SP plus AQ performed better at controlling treatment failure at day 28, but was not as good as SP plus AS at reducing gametocyte carriage at day seven. Careful consideration of local resistance patterns is required because resistance to sulfadoxine-pyrimethamine and amodiaquine are high in many areas. In order to delay development of resistance to artesunate, the combination with sulfadoxine-pyrimethamine should only be considered where both drugs are known to be effective. Data on adverse events are still lacking.
Artemisinin-based combination treatments are strongly advocated, but supplies are limited. Sulfadoxine combined with amodiaquine is an alternative non-artemisinin combination.
To compare sulfadoxine-pyrimethamine plus amodiaquine (SP plus AQ) with sulfadoxine-pyrimethamine plus artesunate (SP plus AS) for treating uncomplicated Plasmodium falciparum malaria.
We searched the Cochrane Infectious Diseases Group Specialized Register (October 2005), CENTRAL (The Cochrane Library 2005, Issue 4), MEDLINE (1966 to October 2005), EMBASE (1988 to October 2005), LILACS (October 2005), and reference lists. We also contacted researchers and organizations working in this field.
Randomized controlled trials comparing SP plus AS with SP plus AQ for treating uncomplicated P. falciparum malaria.
Two authors independently applied the inclusion criteria, extracted data, and assessed methodological quality. The primary outcome measure was treatment failure (parasitological or clinical evidence of treatment failure between start of treatment and day 28). We calculated the risk ratio (RR) with 95% confidence intervals (CI) for dichotomous data.
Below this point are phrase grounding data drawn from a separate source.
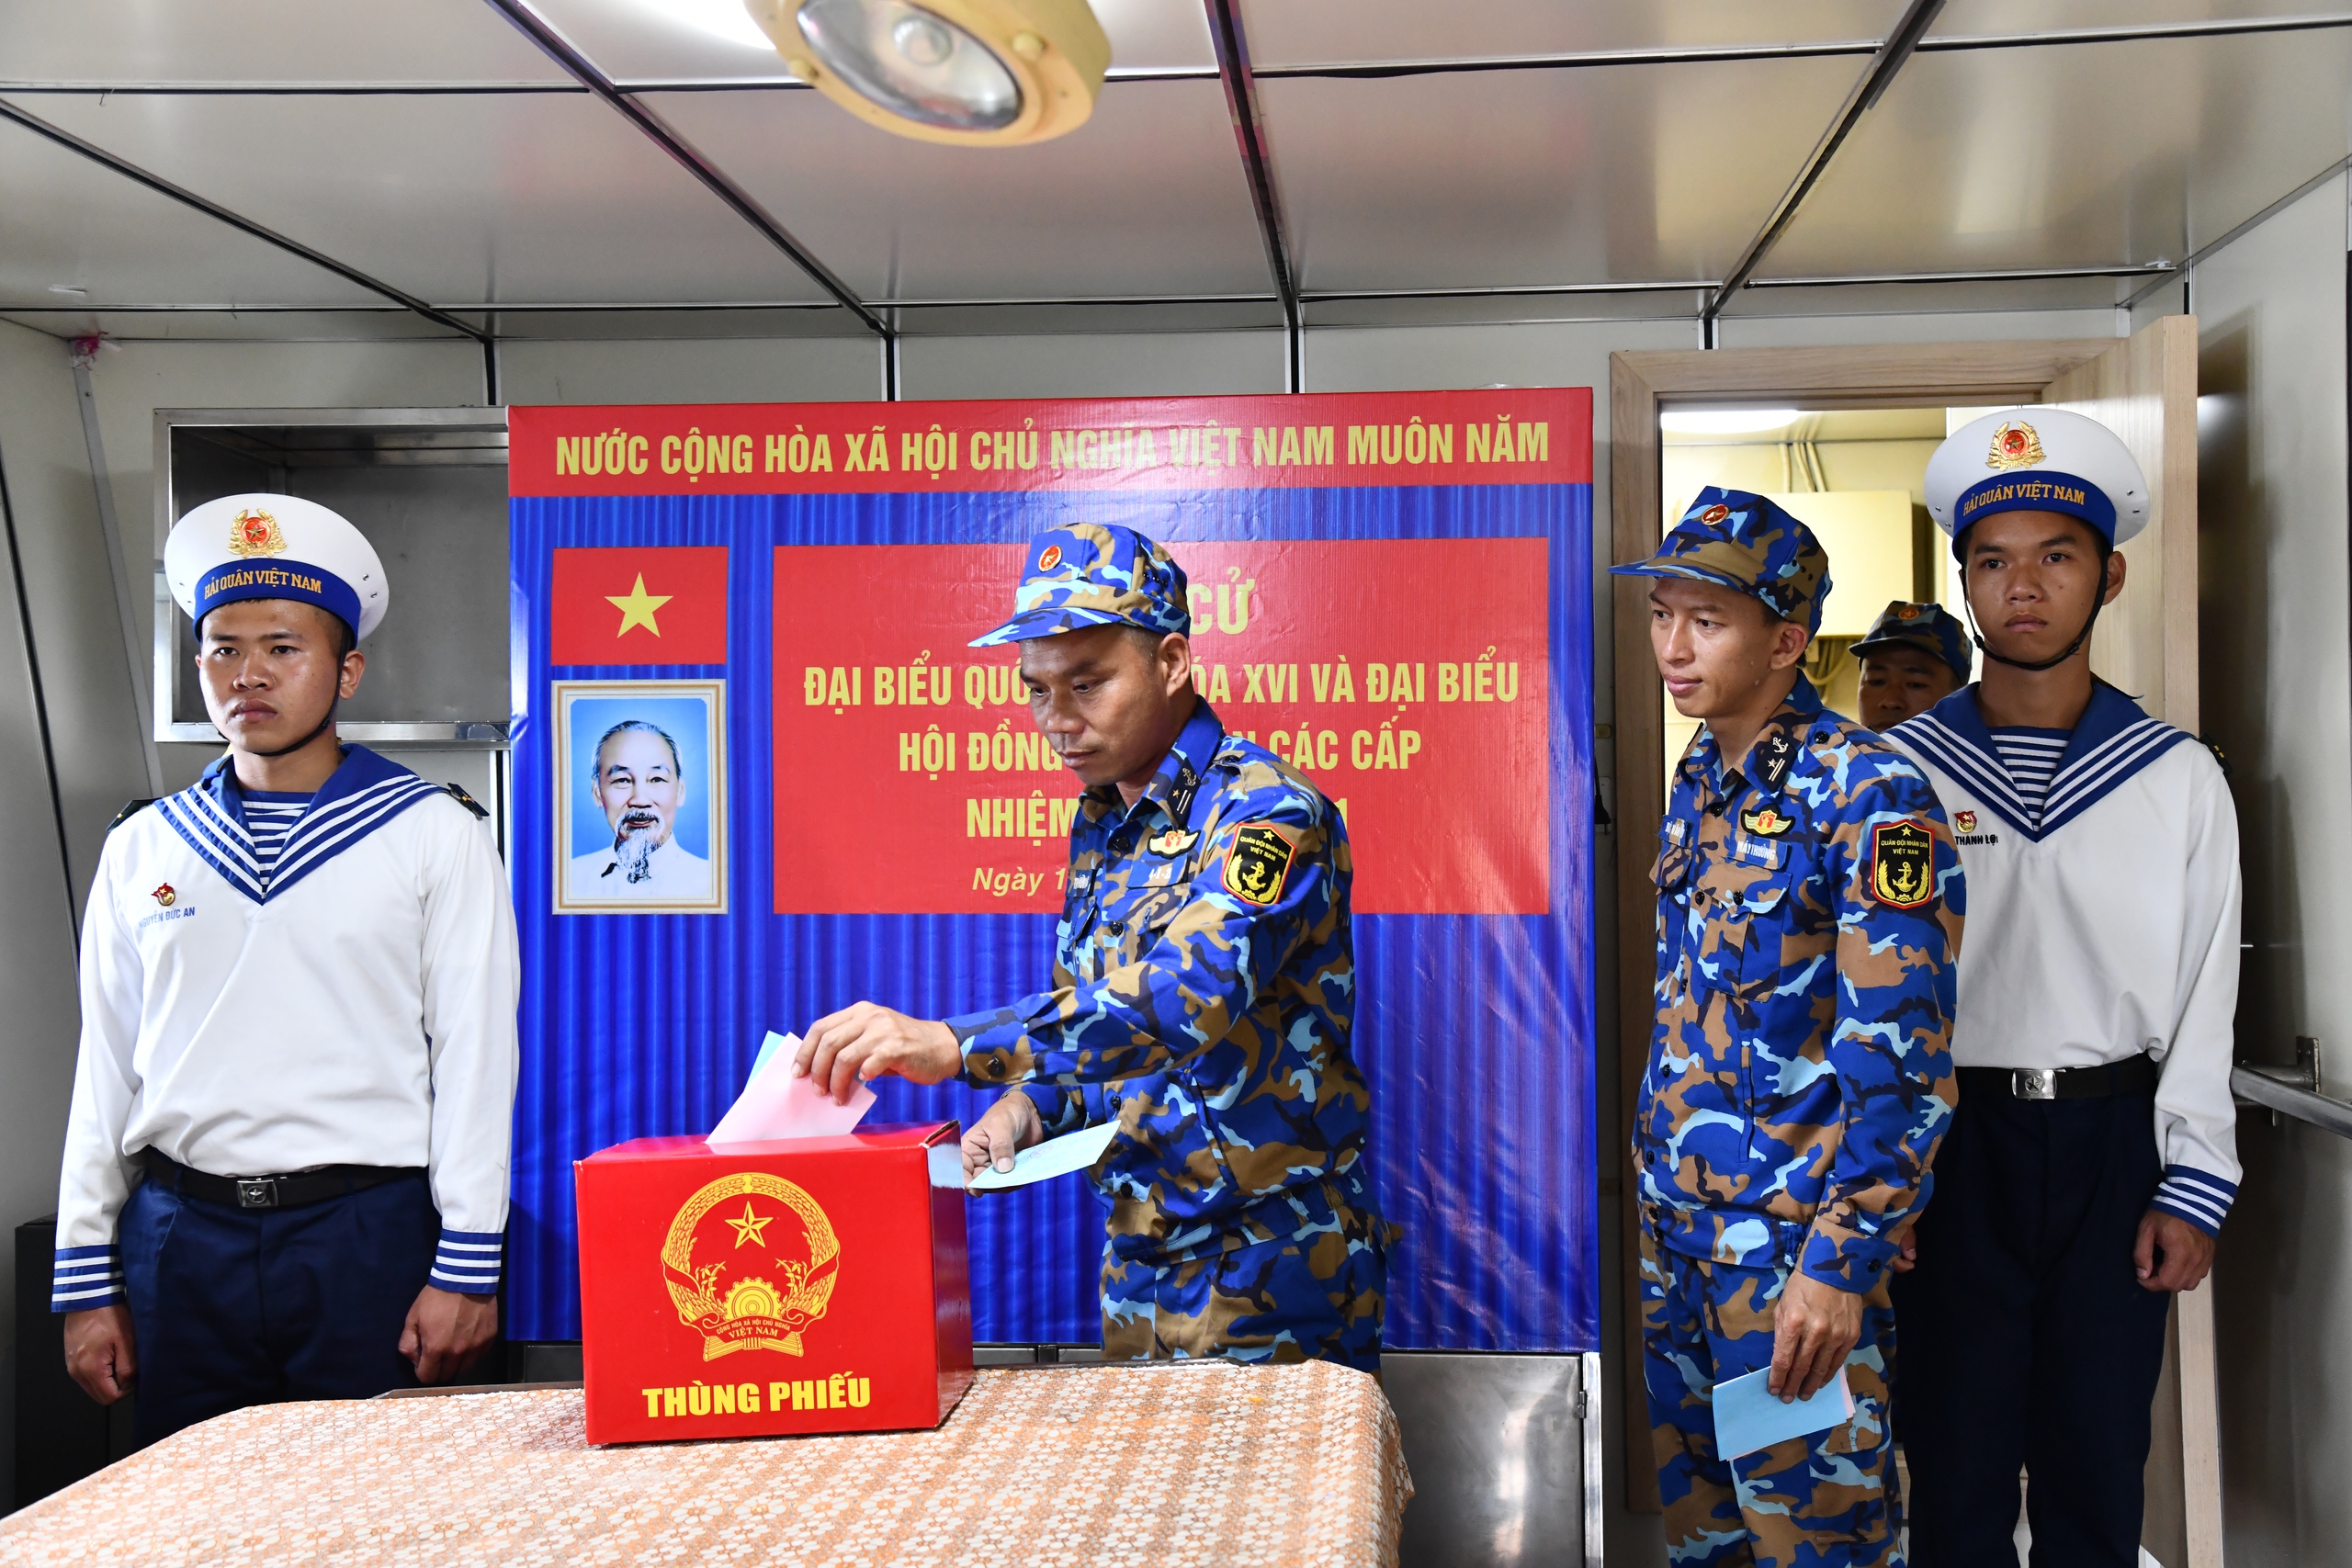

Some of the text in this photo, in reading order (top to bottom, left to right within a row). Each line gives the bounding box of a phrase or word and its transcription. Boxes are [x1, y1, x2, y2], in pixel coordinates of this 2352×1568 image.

[557, 414, 1549, 483] NƯỚC CỘNG HÒA XÃ HỘI CHỦ NGHĨA VIỆT NAM MUÔN NĂM
[1962, 479, 2085, 517] HẢI QUÂN VIỆT NAM
[204, 568, 322, 601] HẢI QUÂN VIỆT NAM
[1186, 566, 1256, 636] CỬ
[804, 666, 862, 716] ĐẠI
[874, 649, 952, 706] BIỂU
[1190, 655, 1232, 704] ÓA
[1243, 663, 1298, 704] XVI
[1311, 654, 1356, 703] VÀ
[1365, 662, 1425, 712] ĐẠI
[1439, 645, 1519, 703] BIỂU
[899, 723, 956, 781] HỘI
[967, 717, 1063, 772] ĐỒNG
[1269, 721, 1339, 770] CÁC
[1351, 715, 1421, 770] CẤP
[967, 789, 1080, 847] NHIỆM
[1263, 852, 1276, 862] NAM
[972, 867, 1044, 897] Ngày
[1055, 867, 1066, 891] 1
[183, 907, 196, 918] AN
[729, 1326, 778, 1338] VIỆT NAM
[641, 1371, 871, 1418] THÙNG PHIẾU
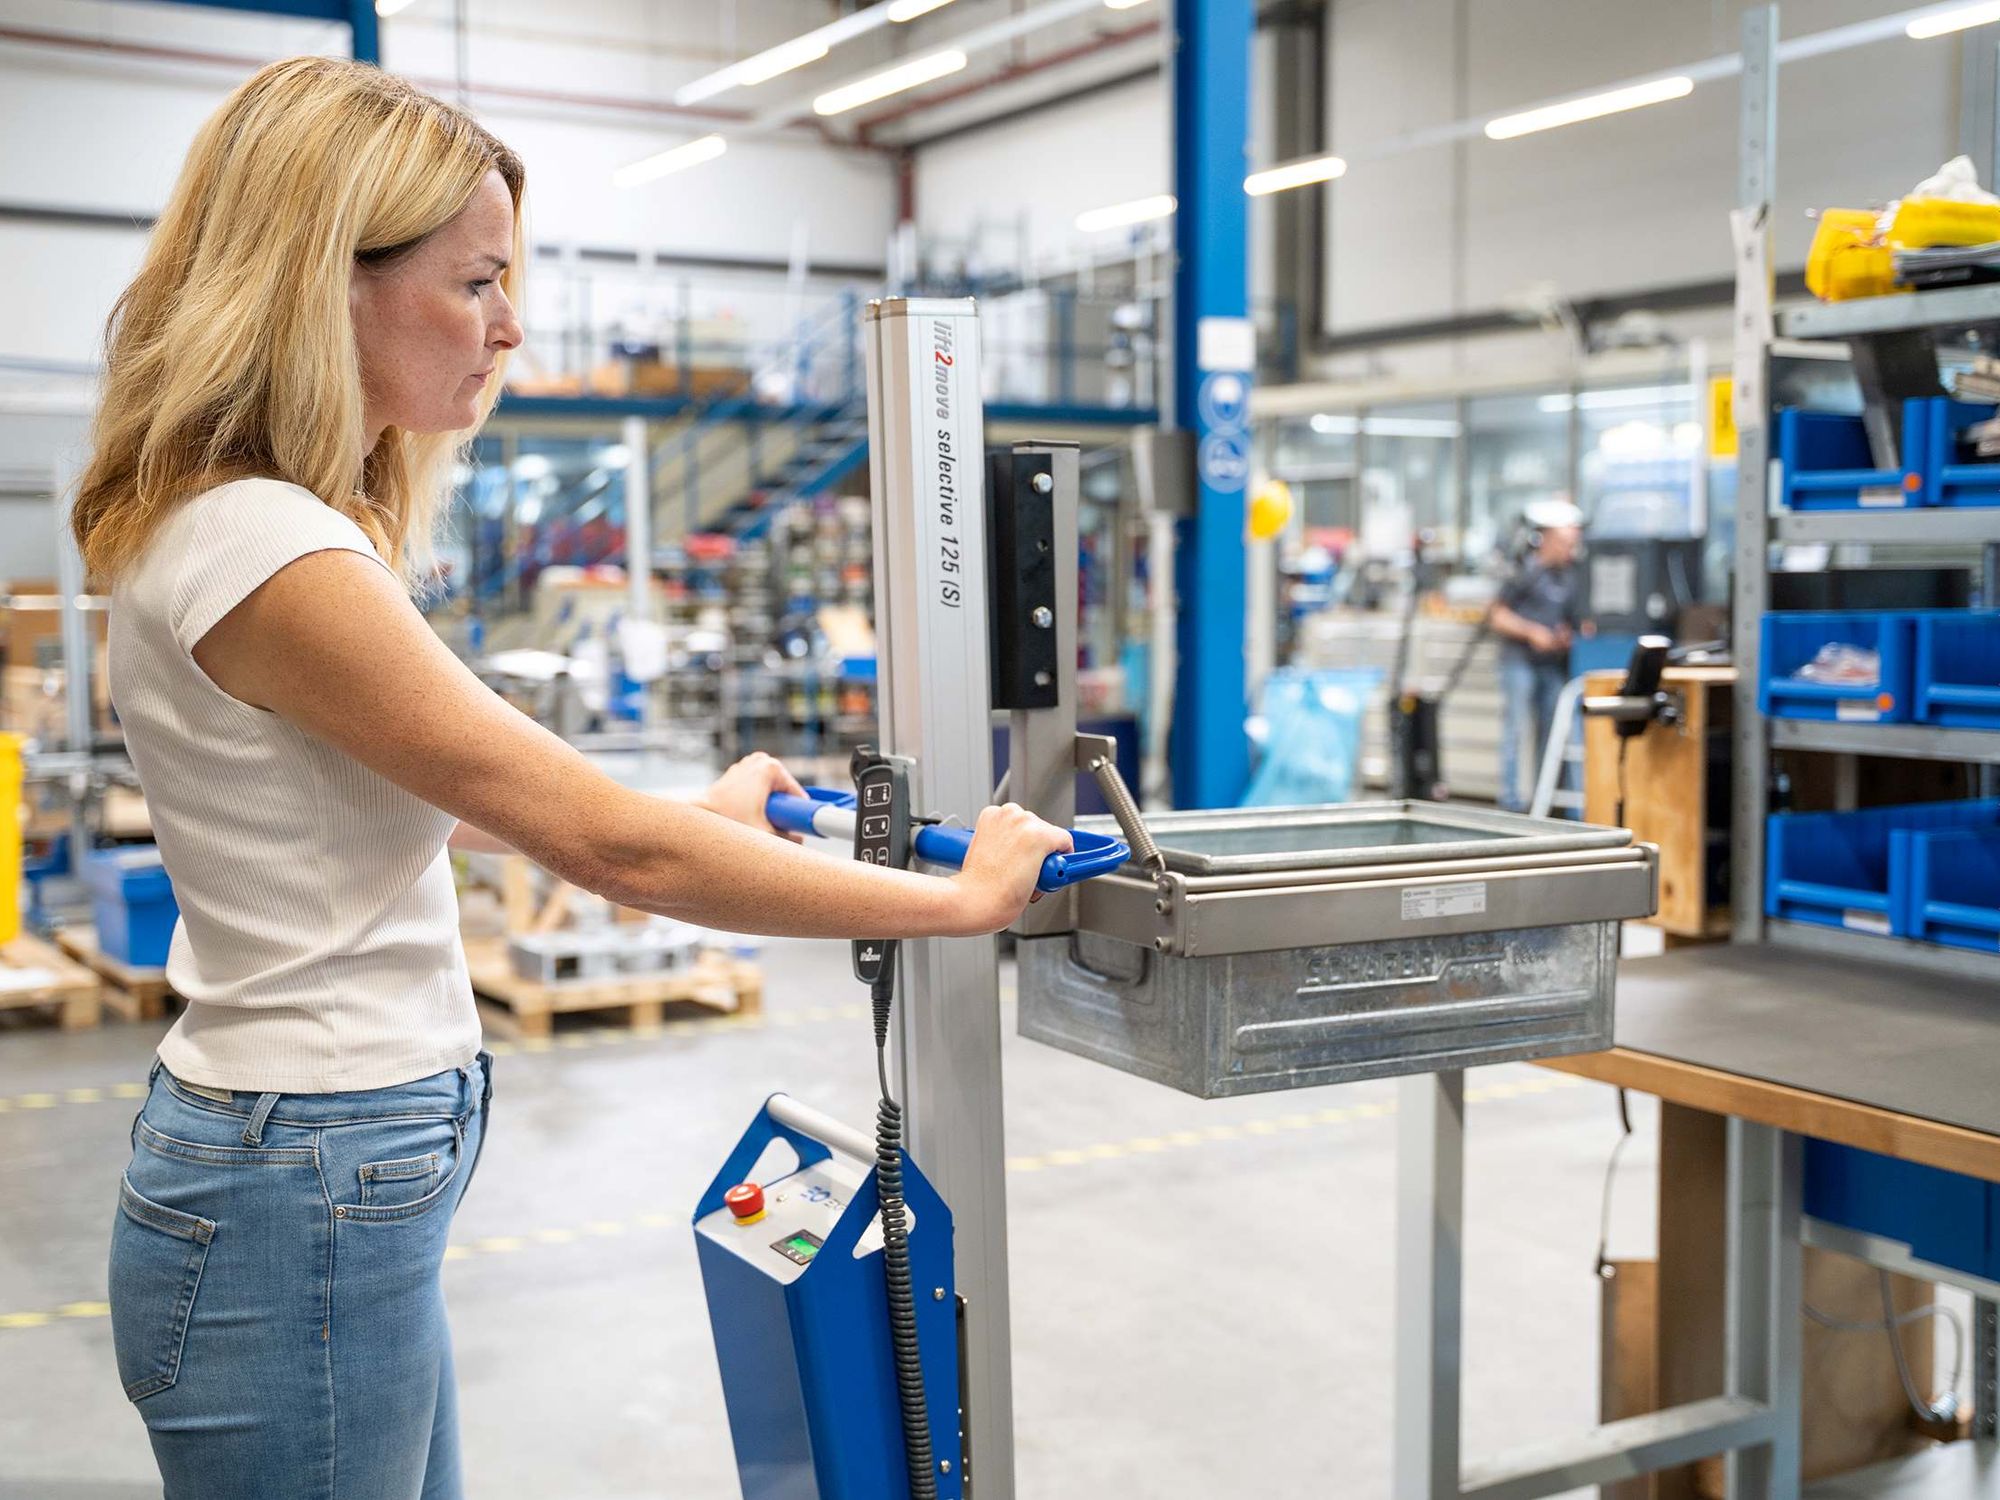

Four trials (775 participants) met the inclusion criteria. All were from areas of high and seasonal malaria transmission in Africa. Fewer participants using SP plus AQ failed treatment by day 28 (RR 0.59, 95% CI 0.42 to 0.83; 652 participants, 3 trials). Even excluding new infections, SP plus AQ performed better (RR 0.62, 95% CI 0.40 to 0.96; 649 participants, 3 trials). There was no statistically significant difference between the two treatments for treatment failure at day 14 (RR 1.14, 95% CI 0.47 to 2.78; 775 participants, 4 trials). SP plus AS was more effective at reducing gametocyte carriage at day seven (RR 2.31, 95% CI 1.36 to 3.92; 220 participants, 1 trial). One trial reported that one person − in the SP plus AQ group − developed severe malaria. Adverse events were poorly reported, but did not seem to differ in type and number between the two treatment combinations.